Strengths of our study include the comprehensive nature of investigation over time, the ability to correlate various physiologic parameters among one another, and the mix of outpatient, inpatient, and critically ill follow-up cases of COVID-19. While previous studies have described individual assessments at various time points, we are not aware of integrated PFT, CPET, echocardiography, MRI, and QOL measurements over the first year. Limitations to our study include the relatively small sample size and the occurrence of missed follow-up appointments due to the number of tests. Additionally, we were restrictive with the use of chest imaging, specifically computed tomography, due to the radiation exposure. Consequently, patients were only referred for chest CT if there was a clinical indication. Our analysis does not allow to assess the influence of vaccinations as recruitment ended before the introduction of widely available vaccines. Moreover, no comparison of currently circulating SARS-CoV-2 variants is possible as recruitment ended before the emergence of the Delta or Omicron variants. However, our comprehensive analysis should make comparisons to future cohorts of patients infected with newer circulating variants possible.

Conclusion

In summary, the symptoms and physiologic abnormalities seen after COVID-19 infection could not be correlated with a defined persistent cardiac or pulmonary organ dysfunction. Echocardiography and cardiac MRI in our cohort were reassuring, pulmonary function testing revealed a mild decrease in DLCO that was most notable in patients who had required ICU-level of care, but was not correlated with exercise capacity. The decreased exercise tolerance seen on CPET, most prominently in post-ICU patients, is rather related to early termination of exercise due to deconditioning/fatigue or chronotropic incompetence. Of note, lung ultrasound may be a useful adjunct in the evaluation of post-COVID patients. Further research is urgently needed to better understand the unique contribution of SARS-CoV-2 to the post-infectious symptom complex and whether this represents a pathogen-specific process or is comparable to other post-viral or post-ICU syndromes.
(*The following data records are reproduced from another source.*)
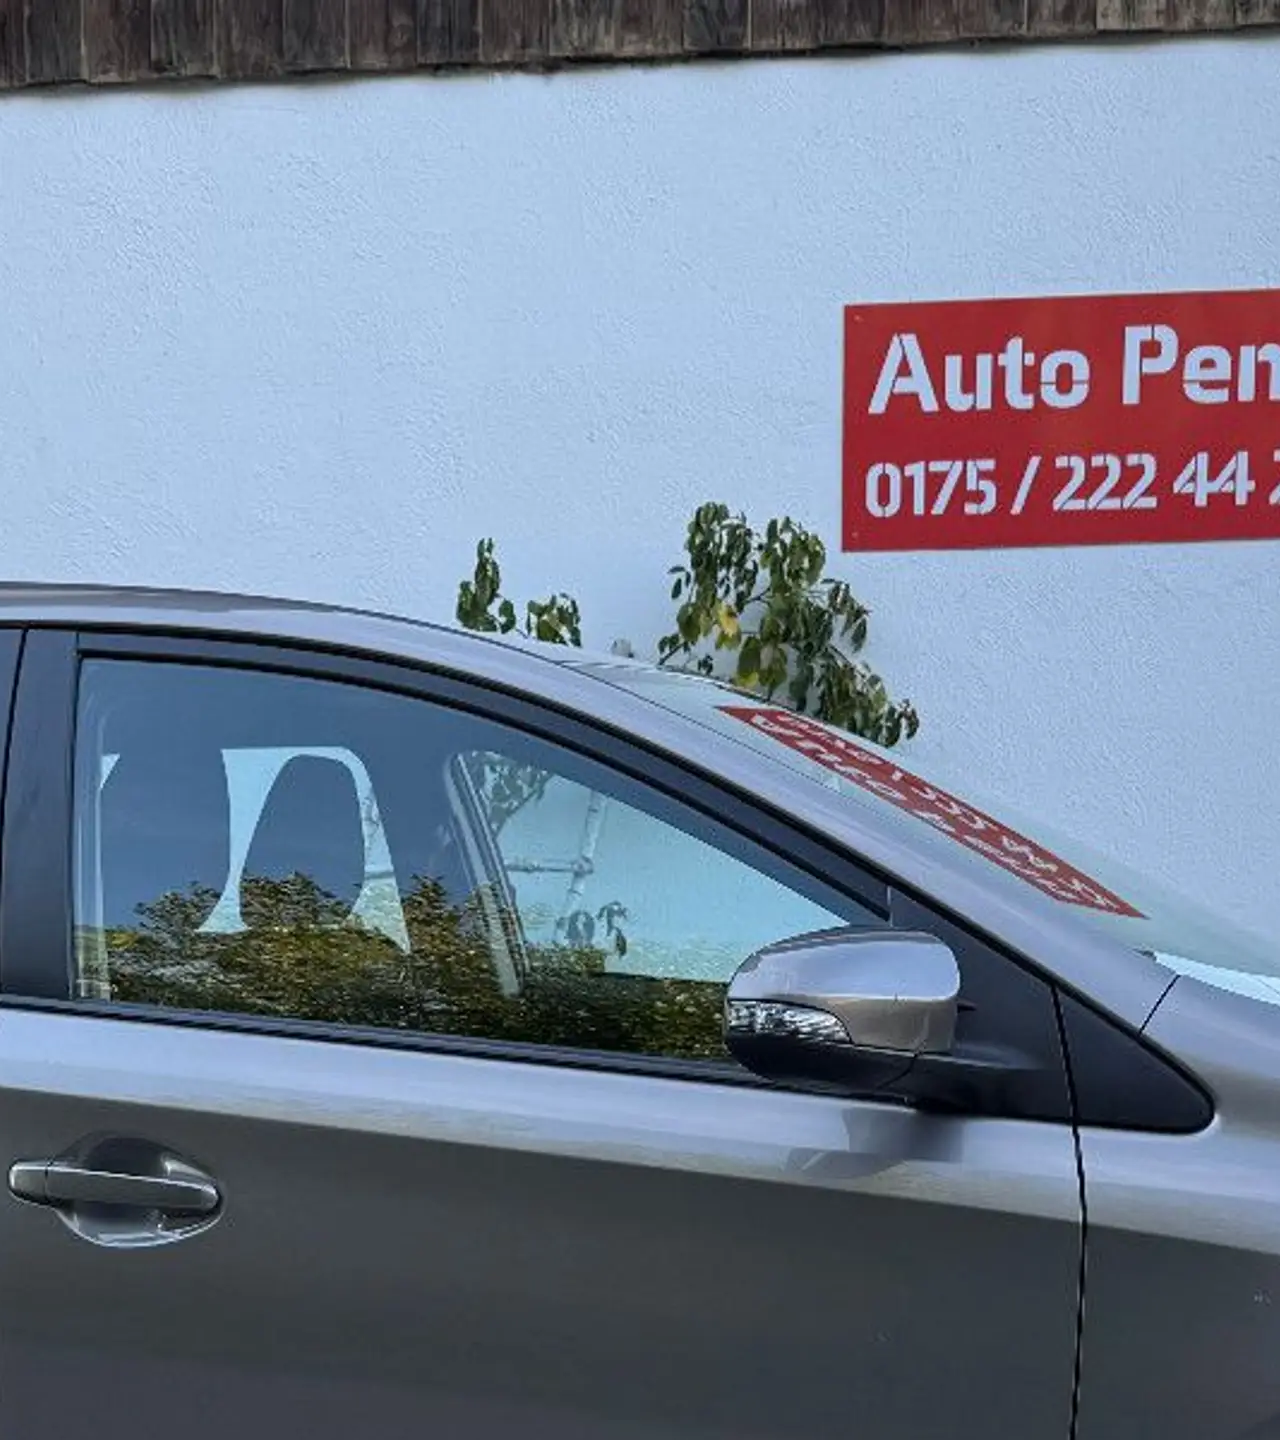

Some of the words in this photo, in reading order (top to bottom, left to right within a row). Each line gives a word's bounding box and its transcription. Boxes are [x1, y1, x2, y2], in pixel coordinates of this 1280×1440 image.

[867, 333, 1091, 415] Auto
[865, 459, 997, 518] 0175
[1010, 456, 1041, 515] /
[1052, 453, 1158, 512] 222
[1173, 451, 1255, 508] 44
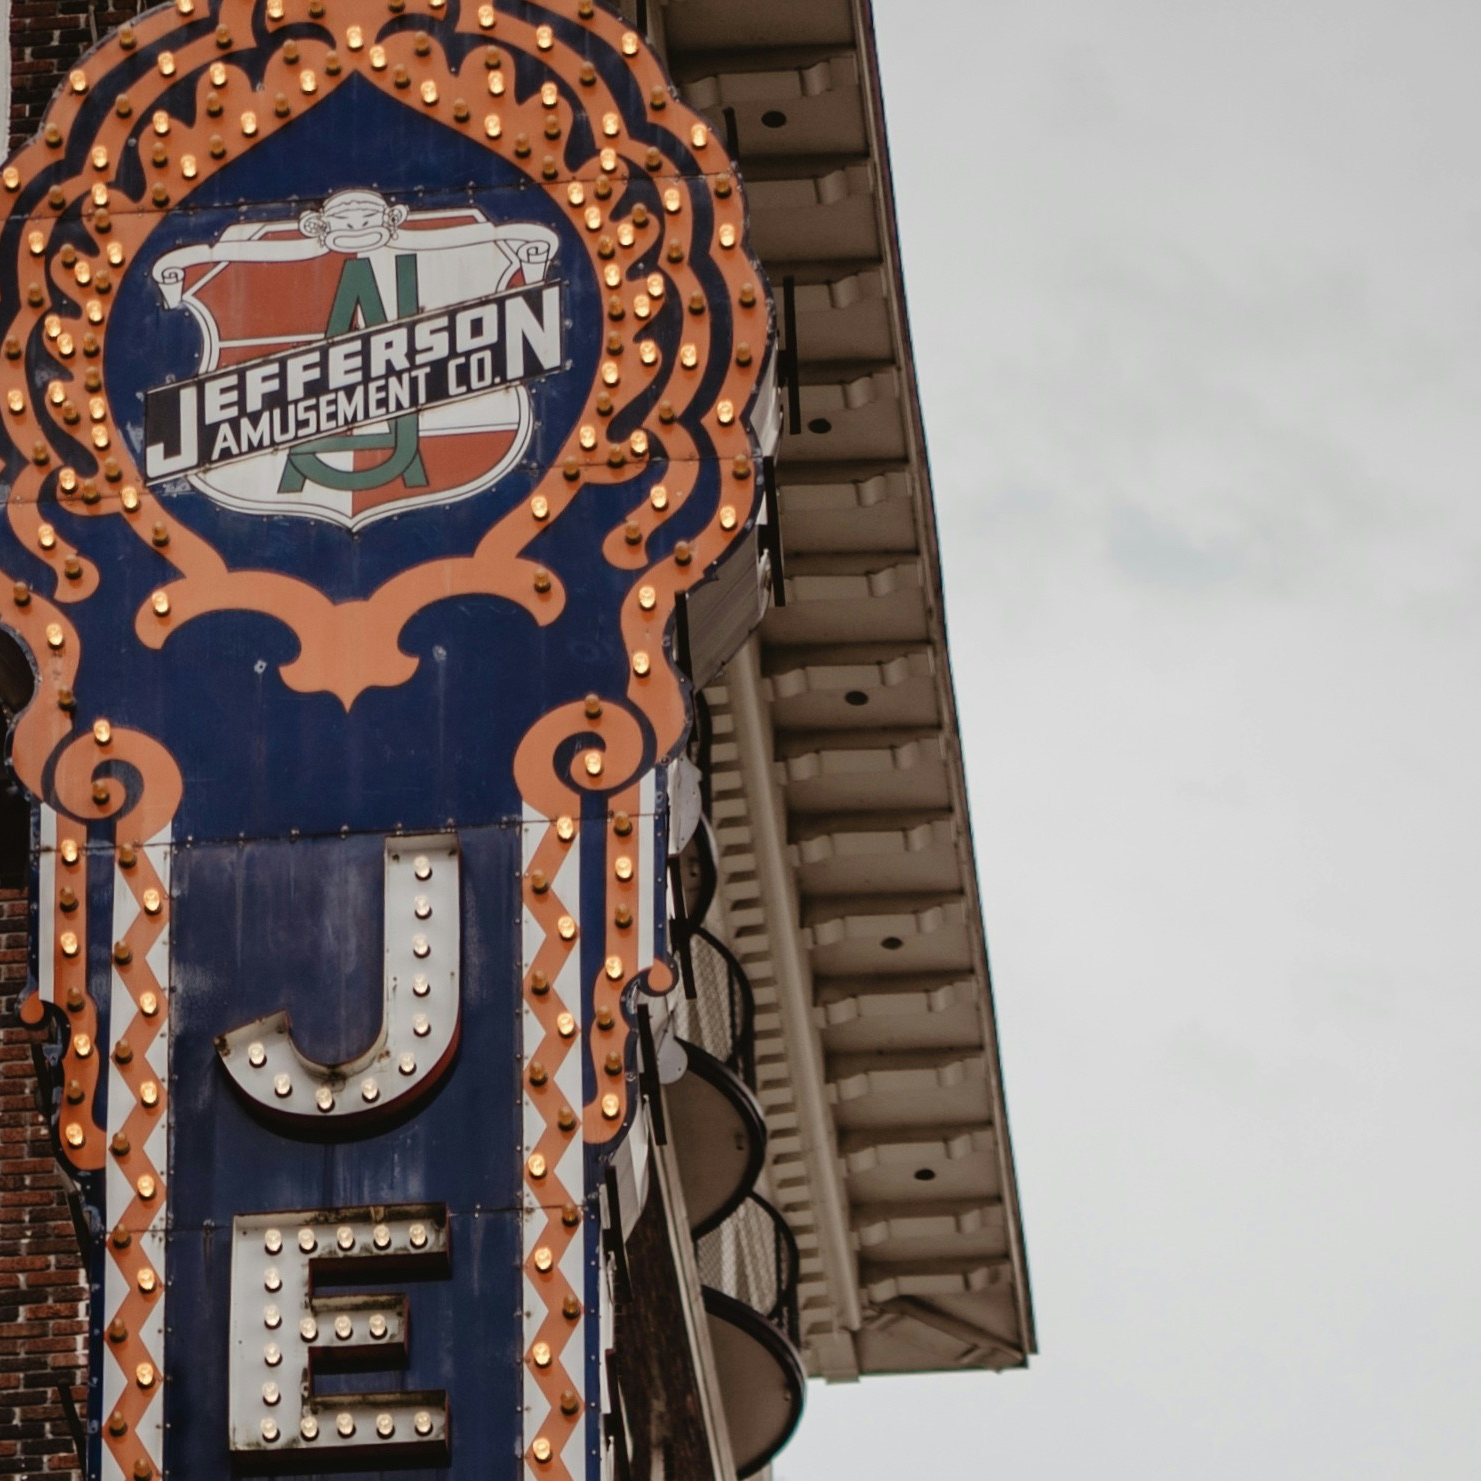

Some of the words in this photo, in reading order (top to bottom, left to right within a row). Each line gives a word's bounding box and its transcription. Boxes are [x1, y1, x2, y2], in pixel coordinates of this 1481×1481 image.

[145, 284, 561, 479] JEFFERSON
[211, 365, 431, 461] AMUSEMENT
[447, 350, 501, 396] CO.
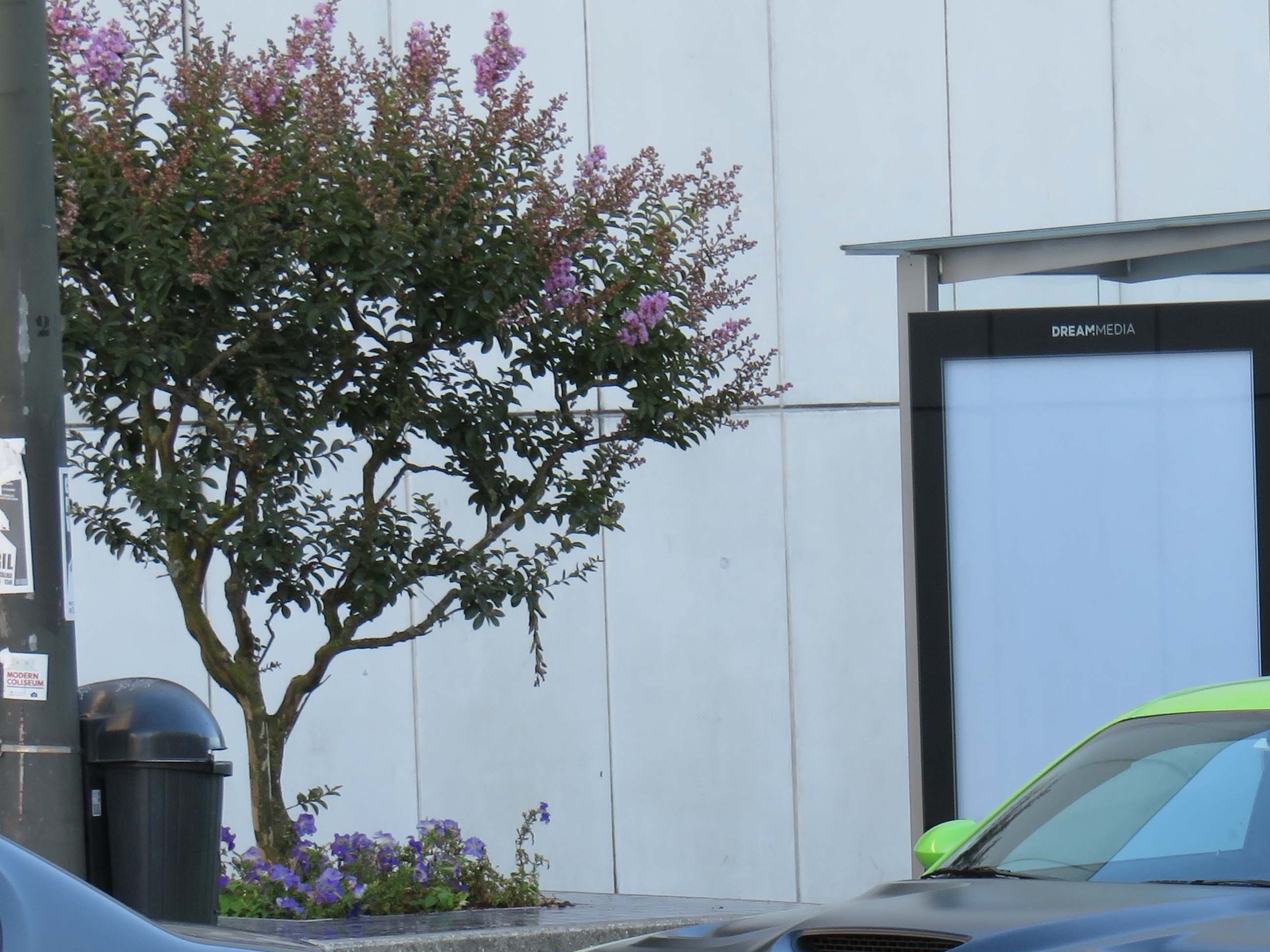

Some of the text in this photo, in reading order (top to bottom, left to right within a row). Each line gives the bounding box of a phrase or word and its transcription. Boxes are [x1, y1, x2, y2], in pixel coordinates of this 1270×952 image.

[1052, 323, 1136, 337] DREAMMEDIA
[7, 671, 39, 680] MODERN
[7, 678, 45, 687] COLISEUM
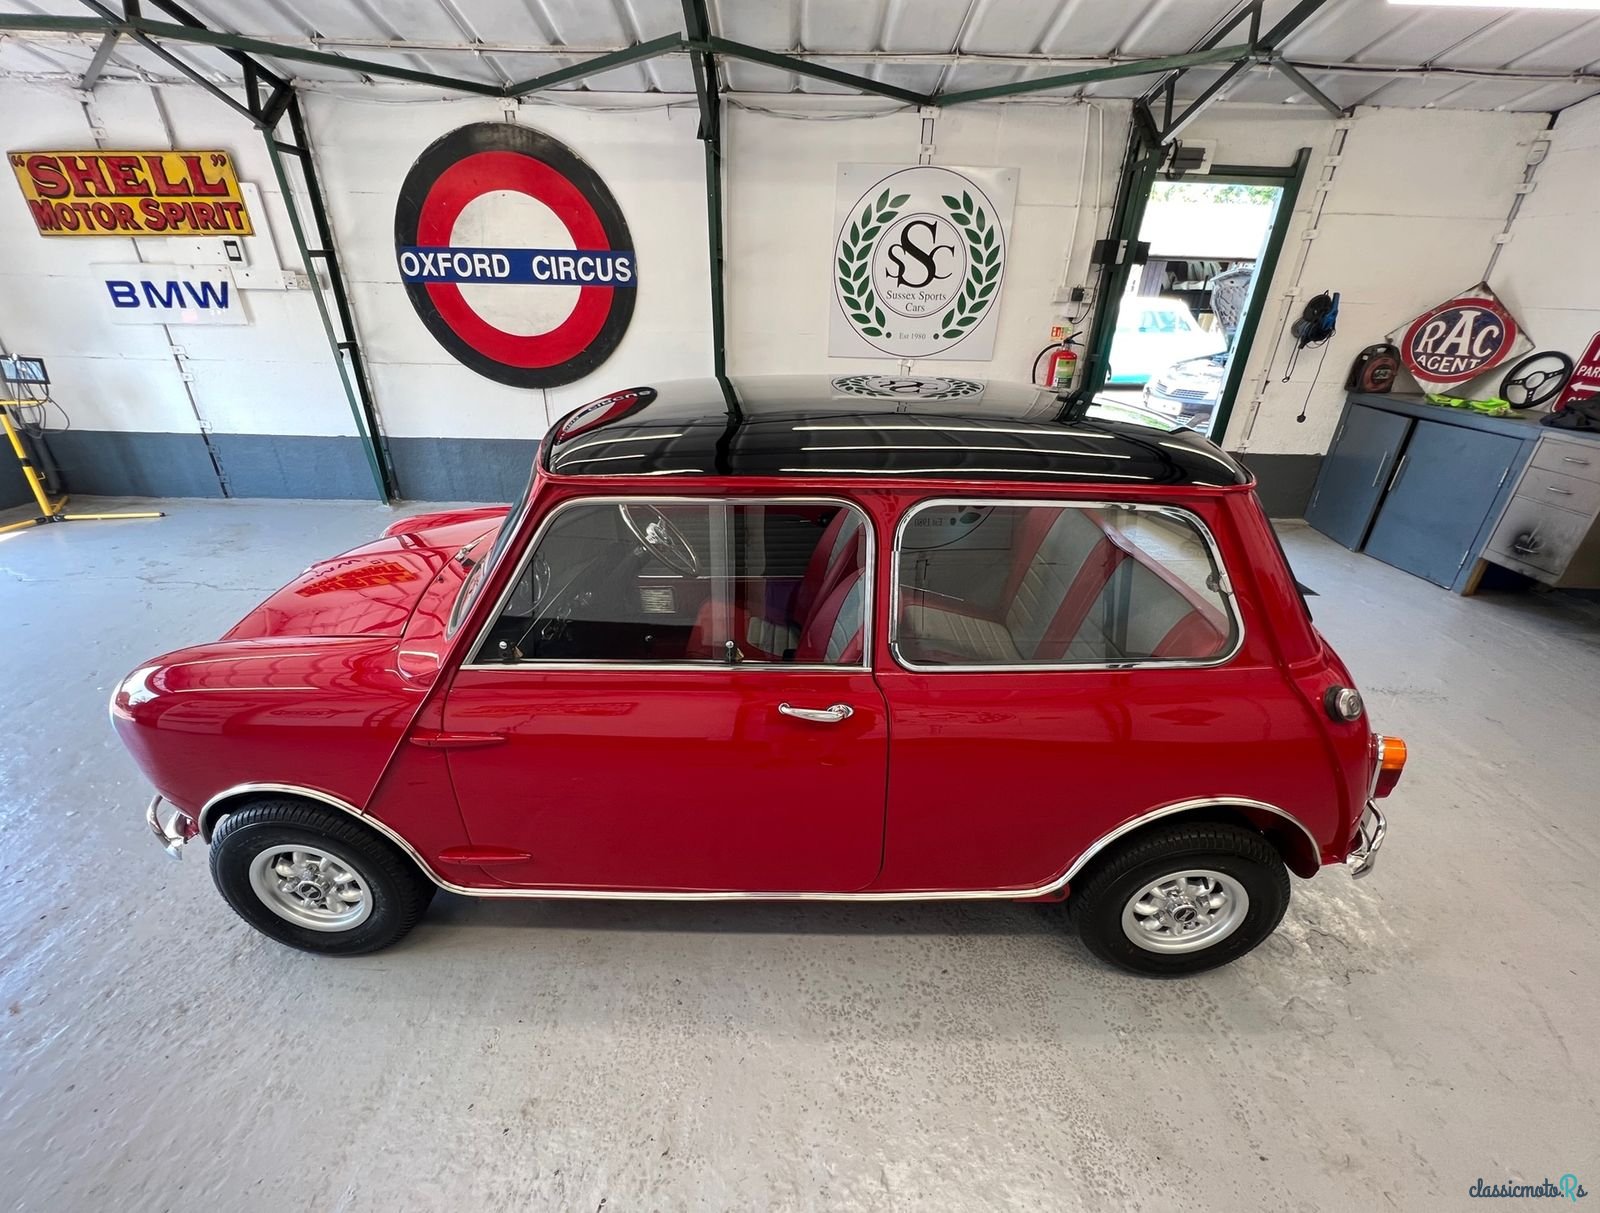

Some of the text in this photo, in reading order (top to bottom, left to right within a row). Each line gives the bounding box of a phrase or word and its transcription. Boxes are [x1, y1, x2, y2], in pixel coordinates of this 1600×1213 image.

Additional file 1: Figure S1. A: Lymphocyte counts and subsets over time (timepoint 0: 0–6 weeks, 1: 3 months, 2: 6 months, 3: 9 months, 4: 12 months after COVID-19 diagnosis). B: Exemplary images for the classification of the predominant B-line pattern on lung ultrasound. 0: Normal pattern. Consistently thin pleural line (arrowheads) in between two rib shadows (*). A-lines apparent (arrows) in equidistant intervals (bidirectional arrows). 1: Slightly uneven and irregular illustration of the pleural line (arrowheads). Faint A-line (arrow), beginning discrete B-lines (dashed arrows), which obliterate A-lines. 2: Irregularly thickened pleural line (arrowheads). Numerous discrete B-lines (*) detectable, no A-lines depicted in this area. 3: Distinctly thickened and irregularly altered pleural line (arrowheads) depicted in between two rib shadows (+). Various B-lines (*) are seen emerging from the pleural line that radiate towards the bottom of the image, partly confluent (#). 4: Left basolateral lung zone, pleural line (arrowhead) depicted adjacent to hypoechoic, consolidated atelectasis (*) which is situated next to the diaphragm (parallel double arrow). Hyperechoic lines (arrow) within the consolidation indicate dynamic air bronchograms. Spleen (#) is visible below the diaphragm. C: Available measurements at the pre-defined timepoints.